Jositsch Daniel · Ständerat · 2024-09-25
Jositsch Daniel · Ständerat · Zürich · Sozialdemokratische Fraktion · 2024-09-25
Wortprotokoll
Die Aufarbeitung fürsorgerischer Zwangsmassnahmen und Fremdplatzierungen hat in den vergangenen Jahren sehr viel Aufmerksamkeit in der Öffentlichkeit, aber auch auf der Ebene des Bundes und der Ebene der Kantone hervorgerufen - selbstverständlich zu Recht, diese Aufarbeitung ist sehr wichtig.

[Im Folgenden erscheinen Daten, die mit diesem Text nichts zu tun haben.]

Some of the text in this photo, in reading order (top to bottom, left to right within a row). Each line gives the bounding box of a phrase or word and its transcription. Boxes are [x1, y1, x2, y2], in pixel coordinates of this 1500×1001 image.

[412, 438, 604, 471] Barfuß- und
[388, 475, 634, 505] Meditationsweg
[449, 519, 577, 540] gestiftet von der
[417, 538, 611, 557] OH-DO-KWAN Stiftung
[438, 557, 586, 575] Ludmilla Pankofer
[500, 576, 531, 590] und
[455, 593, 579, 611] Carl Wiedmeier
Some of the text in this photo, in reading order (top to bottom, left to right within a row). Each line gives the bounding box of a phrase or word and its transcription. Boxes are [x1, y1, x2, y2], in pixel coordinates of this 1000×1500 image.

Das entsprechende Gesetz mit der etwas sperrigen Abkürzung AFZFG, das diesbezüglich geschaffen wurde, weist eine Lücke auf, die die RK-N angegangen ist. Und zwar ist es so, dass auf der Ebene des Bundes die Solidaritätsbeiträge an die Betroffenen eine Privilegierung geniessen, insbesondere bei steuerlichen Fragen, Schuldbetreibung, Sozialversicherungen und Sozialhilfe. Was nun die kantonalen Solidaritätsbeiträge betrifft, so mangelt es an einer solchen Privilegierung, und das wird von den Betroffenen, glaube ich, zu Recht als stossend empfunden. Denn es bedeutet, um es etwas pointiert zu sagen, dass der Staat mit der einen Hand Solidaritätsbeiträge für das im Rahmen von fürsorgerischen Zwangsmassnahmen und Fremdplatzierungen erlittene Leid zahlt und diese Beiträge mit der anderen Hand, zum Beispiel über die Steuern, mindestens zu einem gewissen Teil gleich wieder einzieht. Diese Lücke, die nicht auf Bundesebene, sondern nur auf kantonaler Ebene besteht, soll geschlossen werden.

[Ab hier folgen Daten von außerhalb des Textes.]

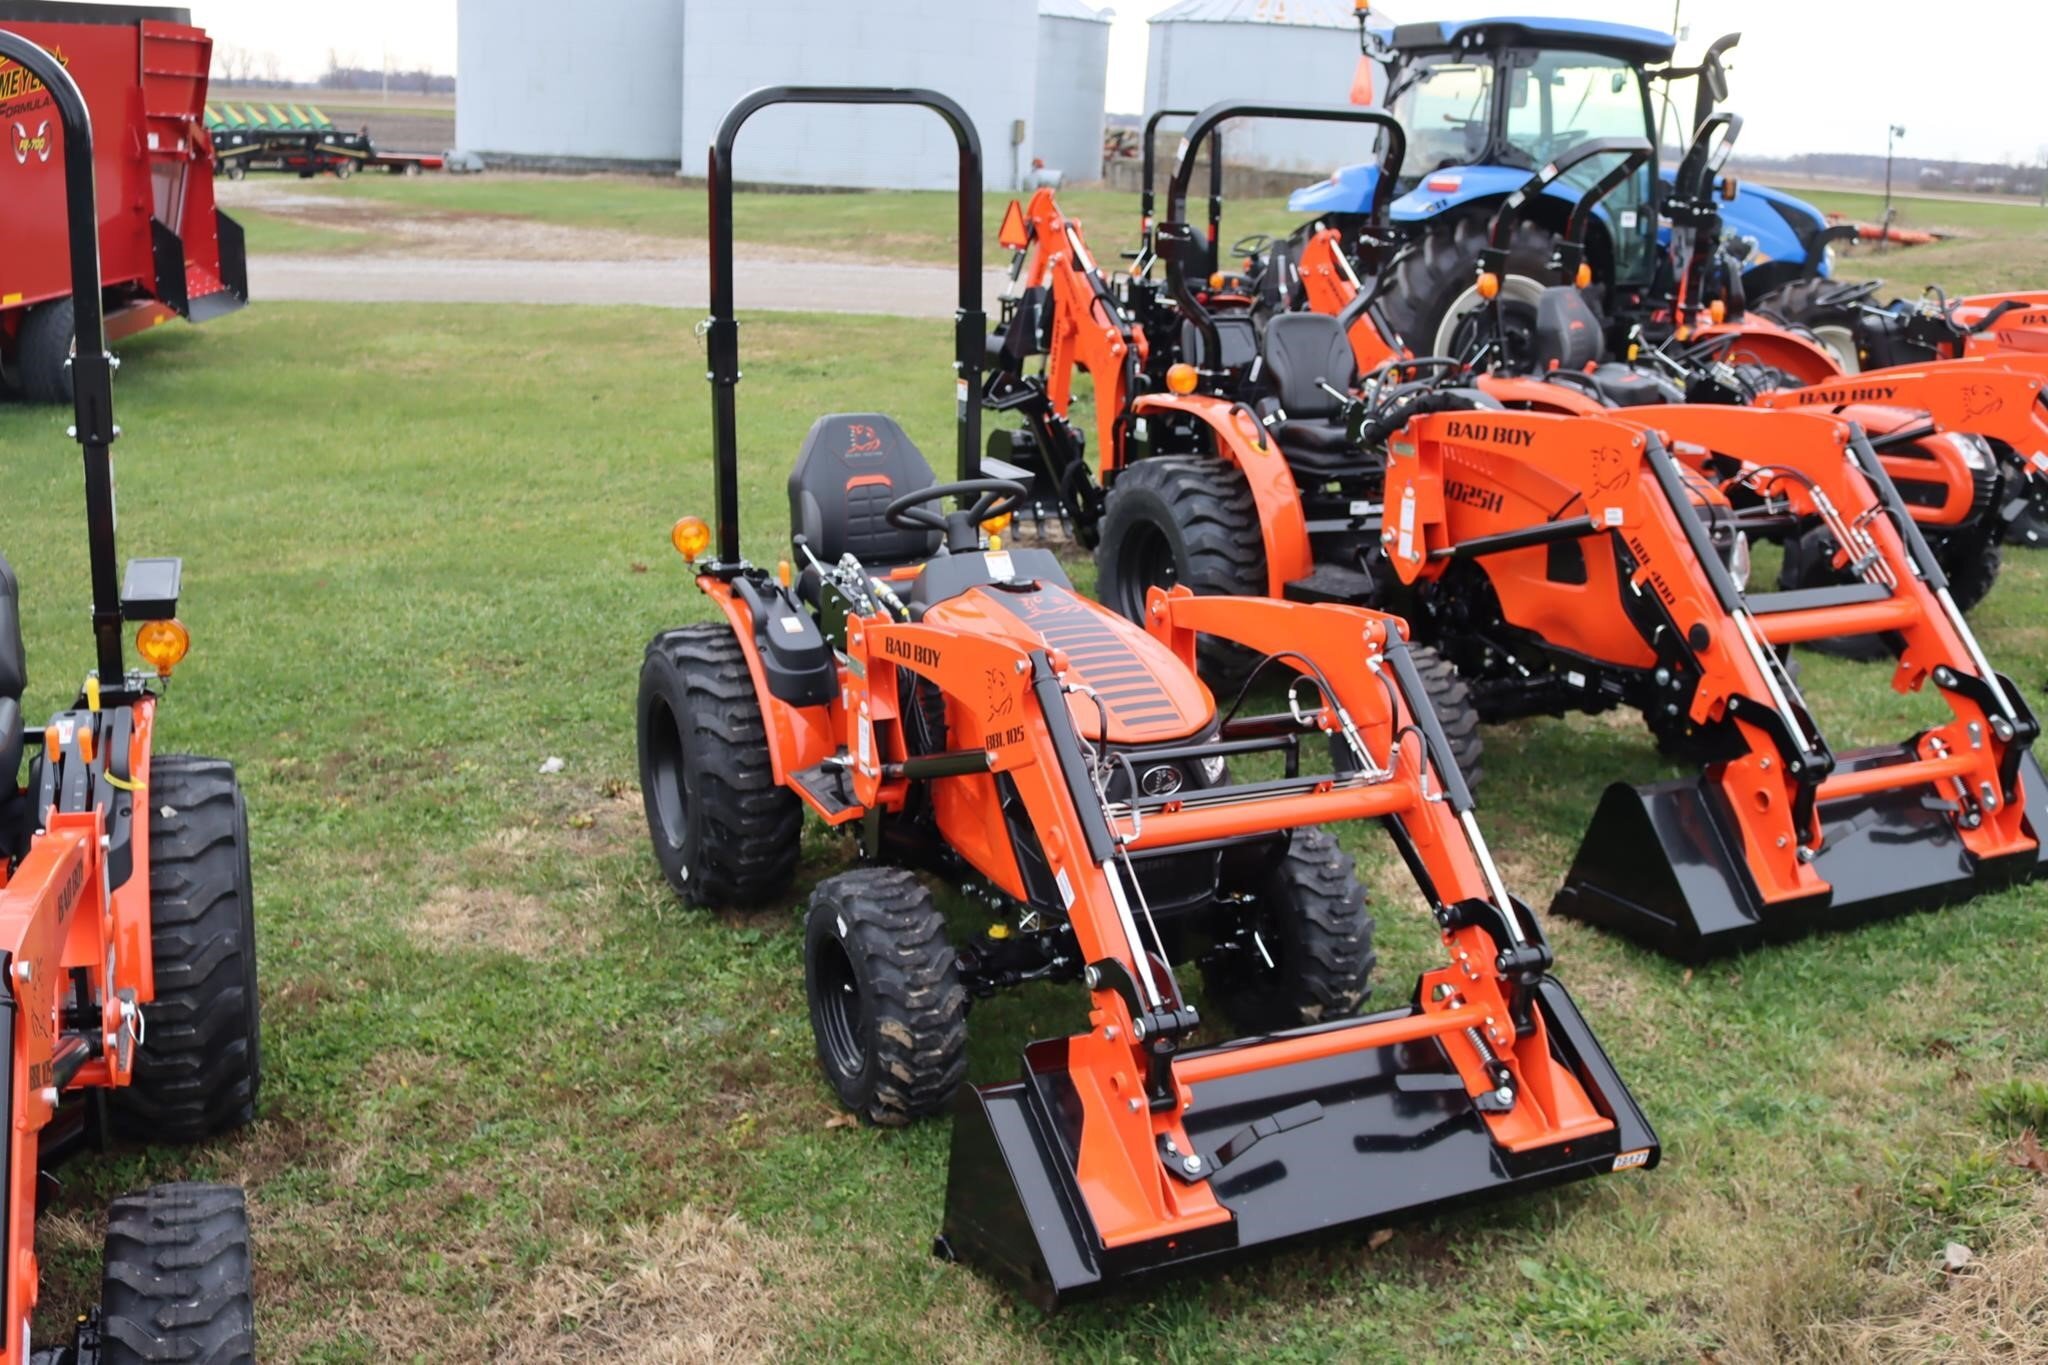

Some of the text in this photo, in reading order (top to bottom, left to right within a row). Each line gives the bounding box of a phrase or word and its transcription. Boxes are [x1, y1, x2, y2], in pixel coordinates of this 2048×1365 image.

[0, 68, 45, 100] MEYE
[1799, 387, 1897, 404] BAD BOY
[1447, 421, 1536, 447] BAD BOY
[885, 636, 941, 669] BAD BOY
[1006, 724, 1025, 745] 105

Entsprechend hat die RK-N eine parlamentarische Initiative eingereicht. Aufgrund der überzeugenden Argumentation und aufgrund dieses ganz offensichtlichen Missstandes, also weil hier ein Unterschied zwischen Bund und Kantonen besteht, ist die entsprechende Vorlage, man darf es so sagen, wirklich widerstandslos bis in unseren Rat gelangt. Der [PAGE 923] Nationalrat hat ihr einstimmig zugestimmt, und die RK-S, Ihre Kommission also, hat ihr ebenfalls einstimmig zugestimmt. Daher gehe ich davon aus, dass sie auch hier im Ständerat nicht auf allzu grossen Widerstand stossen wird.
Ich darf Sie deshalb im Namen der RK-S bitten, auf die Vorlage einzutreten und ihr zuzustimmen.